Mi sorpresa fue grande y agradable: las colecciones del museo, fundado a principios del siglo pasado, son de todo tipo y condición, y abarcan desde objetos propagandísticos utilizados por la Administración de Churchill para animar a los británicos a resistir, hasta decorados a escala real de las trincheras de la primera guerra mundial, pasando por muestras de armamento ligero y pesado, fotografías aéreas de las zonas conquistadas por el ejército aliado en la segunda gran guerra, o suculentas porciones de vida cotidiana de los ciudadanos ingleses en plena época de bombardeos.

Pero lo que me dejó un hondo poso en mi precaria sensibilidad fue la zona en la que se rememoraba la liberación del campo de concentración de Bergen-Belsen, por parte del ejército británico. Este lugar horrible, situado en la Baja Sajonia, fue establecido por las SS a finales de la guerra con el inicial objetivo de funcionar como estación de tránsito para presos gentiles (izquierdistas, homosexuales, gitanos, etc.), y judíos holandeses, polacos, húngaros y de otras tierras conquistadas, la mayor parte de los cuales moriría poco después en los campos de exterminio diseñados en la conferencia de Wannsee, y que se construyeron más hacia el este de Europa. En un principio se proyectó para encerrar a unos diez mil prisioneros, pero la urgencia de las autoridades alemanas por llevar a cabo la “solución final”, anticipándose a la posibilidad de que Alemania perdiese la guerra, provocó pronto la superpoblación del campo. Llegaron a hacinarse allí, en condiciones deplorabilísimas, 50.000 presos de toda condición. 37.000 de ellos murieron en Bergen-Belsen víctimas del hambre, las enfermedades, la violencia de los guardianes del campo y el agotamiento producido por el trabajo forzado. En Bergen-Belsen no hubo gaseamientos ni incineraciones, y sin embargo la mortandad era altísima: las tropas británicas, al llegar allí, quedaron espantadas al ver los cientos de cadáveres hacinados en grandes fosas comunes que, por desidia, no habían sido cubiertas.

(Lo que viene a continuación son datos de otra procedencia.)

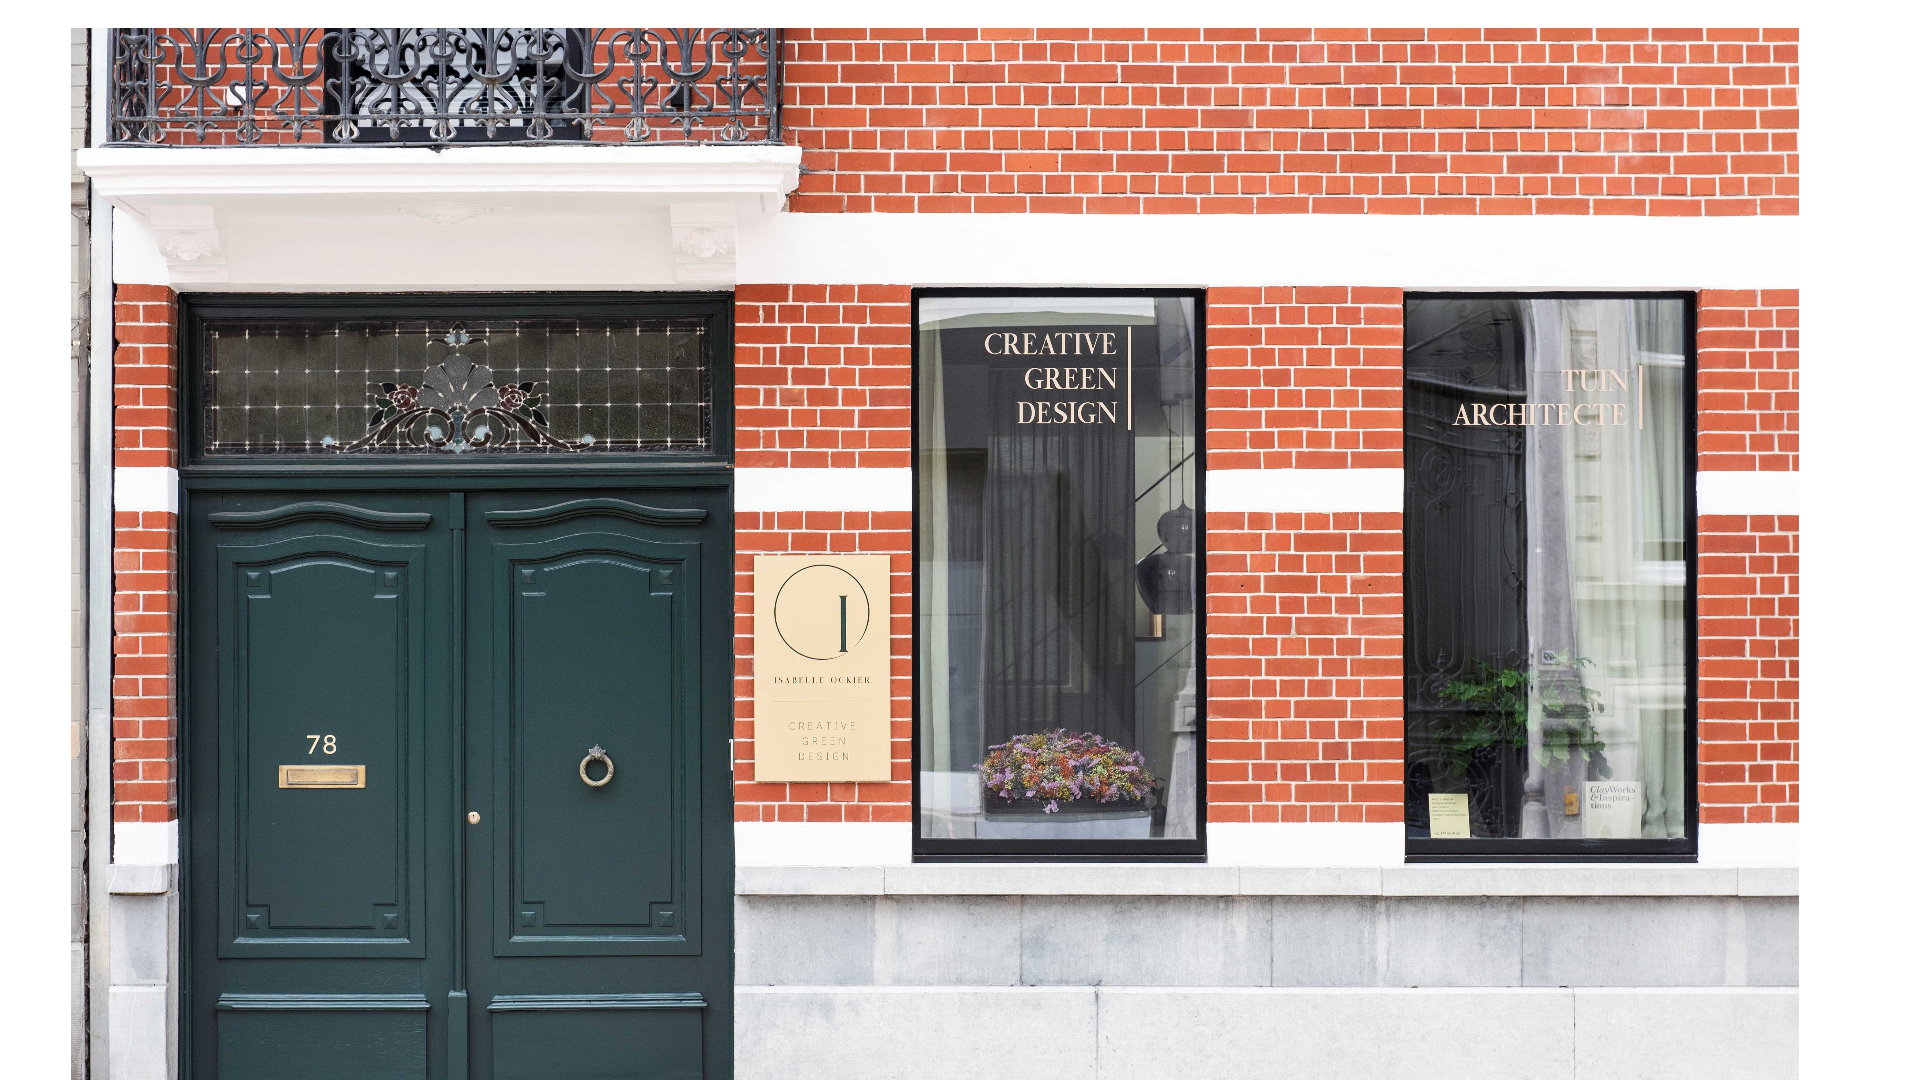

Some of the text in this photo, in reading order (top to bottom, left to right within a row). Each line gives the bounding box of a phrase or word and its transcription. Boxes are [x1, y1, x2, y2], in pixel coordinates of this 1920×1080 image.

Muchos de los supervivientes, comidos por las enfermedades y la suciedad, esqueléticos, desorientados, semidesnudos, no resistieron los intentos de las enfermeras británicas por alimentar sus cuerpos desnutridos. La mayor parte de ellos murió tras la liberación del campo.

En el museo se exponen, para el espanto de los visitantes, los rostros de los responsables del campo que las tropas pudieron tomar como prisioneros: eran auténticos monstruos, prodigio de fealdad y de podredumbre interna. A pesar de todo lo descrito, son aquellos ojos desorbitados, aquellas muecas odiosas, las que recuerdo siempre vivamente de mi visita al Museo Imperial de la Guerra.

Estos días en que se conmemora la liberación de otro infierno, el de Auschwitz, éste más productivo en cuanto a los asesinatos, he recordado aquellos rostros llenos de locura y de rabia, y he vuelto a sentir terror de la especie humana.

Y he recordado también que en muchas partes del mundo, en estos momentos en los que escribo, hay hombres y mujeres como los verdugos de los campos de concentración, trabajo y exterminio nazis, que disfrutan torturando hasta la muerte, la extenuación o la derrota, a sus semejantes.

Y no. No puedo con ello. Cuánto horror.